Air pollutants, especially PM2.5 and NO2, are associated with adverse health impacts, as shown by numerous epidemiological studies. In these studies, the observed health impacts have been correlated with ambient concentrations, mainly taken from air pollution monitoring stations. However, individuals are harmed by the pollutants in the inhaled air at the places where they stay, and thus, the concentration of pollutants in the inhaled air is obviously a better indicator for health impacts than the ambient concentration at a monitoring station. Furthermore, the current method for estimating the occurrence of chronic diseases uses annual average concentrations as indicator.

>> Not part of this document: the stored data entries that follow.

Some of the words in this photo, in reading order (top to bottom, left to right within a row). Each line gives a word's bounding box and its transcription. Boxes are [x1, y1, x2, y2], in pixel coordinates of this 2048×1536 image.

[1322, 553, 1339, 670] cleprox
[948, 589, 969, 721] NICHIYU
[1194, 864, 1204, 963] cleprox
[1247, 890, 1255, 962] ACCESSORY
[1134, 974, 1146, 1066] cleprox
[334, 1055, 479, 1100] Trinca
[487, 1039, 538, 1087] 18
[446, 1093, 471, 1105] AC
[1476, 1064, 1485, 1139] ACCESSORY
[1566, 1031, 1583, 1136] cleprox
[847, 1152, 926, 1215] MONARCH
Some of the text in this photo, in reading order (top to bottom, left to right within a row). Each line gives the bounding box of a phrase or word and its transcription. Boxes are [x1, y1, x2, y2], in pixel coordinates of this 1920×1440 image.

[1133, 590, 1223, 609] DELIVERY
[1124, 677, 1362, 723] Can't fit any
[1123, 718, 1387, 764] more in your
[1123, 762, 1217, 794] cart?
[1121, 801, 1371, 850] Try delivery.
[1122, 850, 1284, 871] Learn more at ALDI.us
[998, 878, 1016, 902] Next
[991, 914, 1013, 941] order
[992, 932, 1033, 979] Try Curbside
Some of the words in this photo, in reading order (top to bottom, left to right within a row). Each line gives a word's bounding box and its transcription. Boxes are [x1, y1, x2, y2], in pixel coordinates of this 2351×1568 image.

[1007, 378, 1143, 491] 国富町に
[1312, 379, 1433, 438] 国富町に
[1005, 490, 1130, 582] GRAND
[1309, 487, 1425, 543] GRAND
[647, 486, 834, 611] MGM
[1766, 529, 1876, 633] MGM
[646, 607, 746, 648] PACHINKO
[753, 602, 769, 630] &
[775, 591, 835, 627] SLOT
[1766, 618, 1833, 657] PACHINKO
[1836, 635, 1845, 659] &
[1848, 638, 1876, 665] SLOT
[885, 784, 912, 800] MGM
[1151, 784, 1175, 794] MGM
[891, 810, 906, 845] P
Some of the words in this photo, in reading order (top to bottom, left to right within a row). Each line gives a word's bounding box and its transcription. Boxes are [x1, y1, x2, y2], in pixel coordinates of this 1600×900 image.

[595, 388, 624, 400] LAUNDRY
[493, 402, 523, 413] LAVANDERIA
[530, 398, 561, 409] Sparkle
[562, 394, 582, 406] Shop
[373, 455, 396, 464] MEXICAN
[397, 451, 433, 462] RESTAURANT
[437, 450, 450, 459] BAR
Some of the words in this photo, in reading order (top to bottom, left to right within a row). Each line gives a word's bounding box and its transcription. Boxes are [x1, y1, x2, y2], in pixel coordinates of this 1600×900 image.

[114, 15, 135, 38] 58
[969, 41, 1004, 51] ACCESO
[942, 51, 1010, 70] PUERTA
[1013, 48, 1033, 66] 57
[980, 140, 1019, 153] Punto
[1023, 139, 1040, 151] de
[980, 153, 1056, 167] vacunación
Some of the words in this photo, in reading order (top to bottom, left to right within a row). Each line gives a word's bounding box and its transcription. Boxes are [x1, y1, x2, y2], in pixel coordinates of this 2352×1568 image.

However, according to current hypotheses, chronic diseases, especially chronic mortality, develop through the exposure to pollutants over many years, maybe up to a full lifetime. Thus in this study, a methodology and a computer-aided probabilistic model system are described for calculating the exposure of a person to PM2.5 and NO2 over the whole lifetime where the person is characterized by attributes such as age, gender, place of residence and work as well as socioeconomic status. The model system contains a “life course trajectory model”, which estimates the course of the education and professional development for the past lifetime of a person, whose present socioeconomic status is known. Furthermore, a “time-activity model” estimates at which places (so-called micro-environments) a person with a certain socioeconomic status stayed and how long he stayed there within a certain year. The concentrations of air pollutants in indoor environments are calculated with a “mass-balance model”, the outdoor concentrations with “atmospheric models”. Finally, the results of these models are combined to estimate the annual average exposure for the life years of individuals and population subgroups. The exposure is then used to estimate and monetize health impacts. The exposures and health impacts for a number of population subgroups in Europe are presented. For instance, a European citizen, who was 70 years old in 2015, has been exposed to around 25 μg/m3 of PM2.5 during his lifetime above the age of 30, which is associated with a reduction of life expectancy of 13.4 days per year of exposure above 30.